The bomb went off next to the women’s waiting area of a bus stop, which is located near the office of one of the top political officials in the Khyber tribal area, according to Hidayat Khan, a local government official. It is unclear if the office was the target.
The 17 dead included five boys and two women, according to Abdul Qudoos, a doctor at a local hospital in Jamrud town, where the attack occurred. At least 44 people were wounded, he added.
Local TV footage showed several cars and shops in the market that were badly damaged. Residents threw buckets of water on burning vehicles as rescue workers transported the wounded to the hospital.
No group immediately claimed responsibility for the bombing.
Khyber is home to various Islamist militant groups, including the Pakistani Taliban, which have waged a bloody insurgency against the government for the past few years.
The army has carried out offensives against the Taliban in most parts of the tribal region, including Khyber, but militants continue to carry out regular attacks in the country.
Ten Taliban militants attacked the military side of an international airport in Peshawar on Saturday night with rockets and car bombs, killing four people and wounding over 40 others. Five of the militants were killed during the attack, and five others died the next day in a gun battle with security forces.
Elsewhere, gunmen killed a provincial government spokesman in the south-west Pakistan in an apparent sectarian attack, and then shot two nearby policemen dead, police said.
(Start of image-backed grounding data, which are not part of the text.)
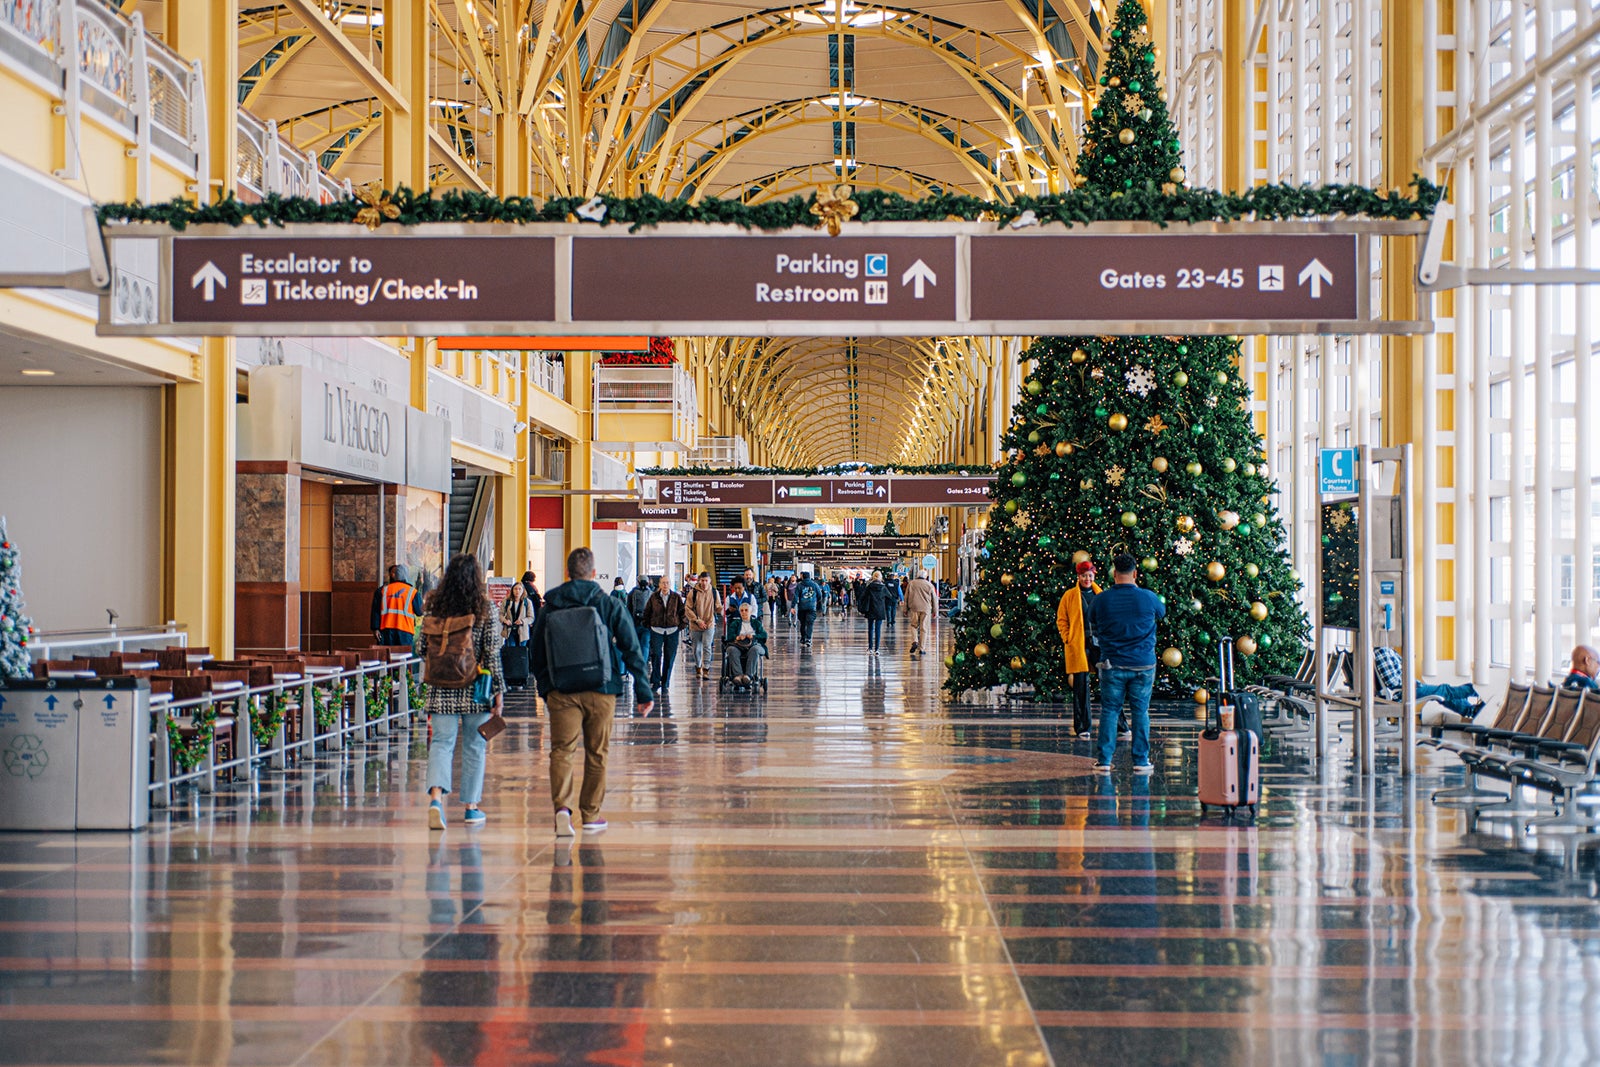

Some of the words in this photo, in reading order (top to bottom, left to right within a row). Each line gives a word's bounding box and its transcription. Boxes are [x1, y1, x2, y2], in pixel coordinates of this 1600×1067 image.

[241, 252, 340, 274] Escalator
[350, 256, 372, 274] to
[776, 253, 859, 278] Parking
[1100, 268, 1166, 288] Gates
[1176, 268, 1244, 288] 23-45
[273, 277, 478, 305] Ticketing/Check-In
[756, 283, 859, 302] Restroom
[1322, 477, 1351, 485] Courtesy
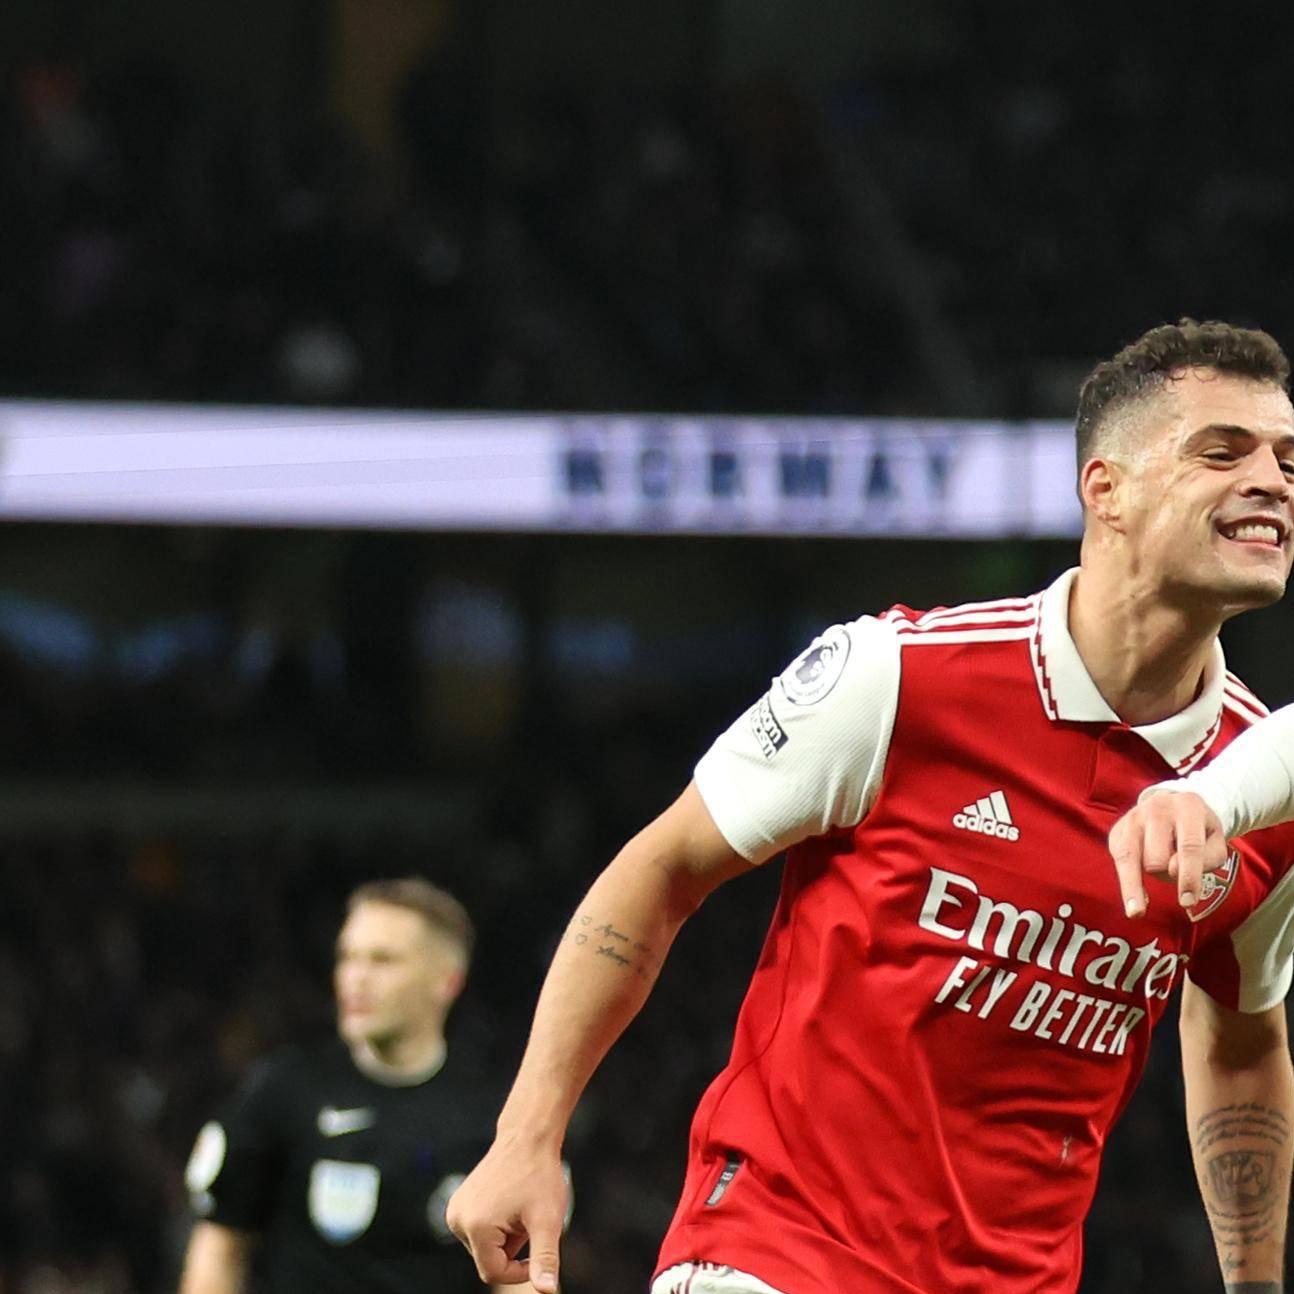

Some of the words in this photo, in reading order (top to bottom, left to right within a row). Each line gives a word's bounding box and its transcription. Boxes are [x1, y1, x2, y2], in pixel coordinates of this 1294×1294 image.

[560, 436, 956, 510] NORWAY
[952, 812, 1020, 842] adidas
[934, 955, 1018, 1020] FLY
[1010, 980, 1145, 1057] BETTER
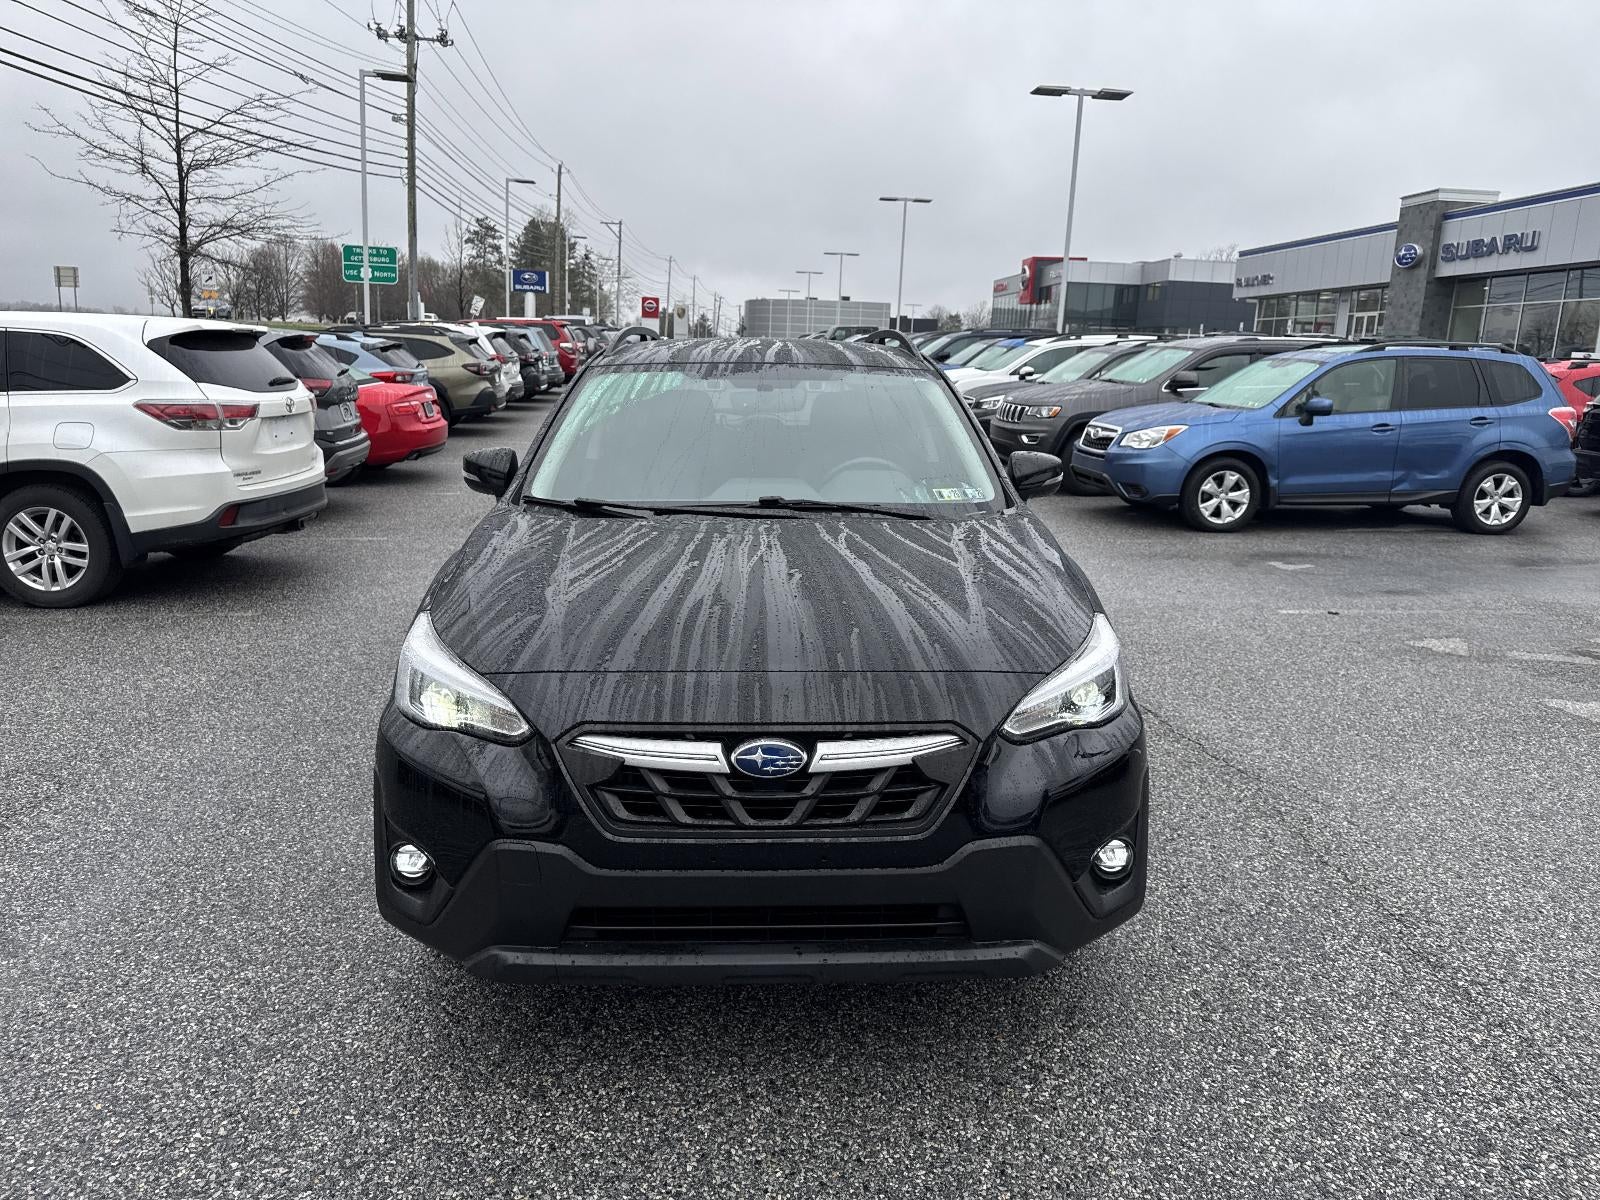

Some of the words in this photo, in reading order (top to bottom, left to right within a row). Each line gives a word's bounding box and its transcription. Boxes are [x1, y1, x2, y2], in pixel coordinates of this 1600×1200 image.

[1441, 230, 1540, 262] SUBARU
[350, 255, 390, 263] GETSBURG
[374, 270, 396, 278] NORTH
The attackers shot Khadim Hussain Noori in Quetta, the capital of Baluchistan province, said local police official Hamid Shakeel. Mr Noori was the provincial spokesman and also a Shia Muslim.
As the gunmen were speeding away on a motorcycle, they killed two policemen and wounded a third.
Baluchistan has experienced a spike in sectarian killings in the past year as radical Sunni Muslims have targeted Shias, who they consider to be heretics.
The province is also the scene of a decades-long insurgency by Baluch nationalists who demand greater autonomy and a larger share of the province’s natural resources.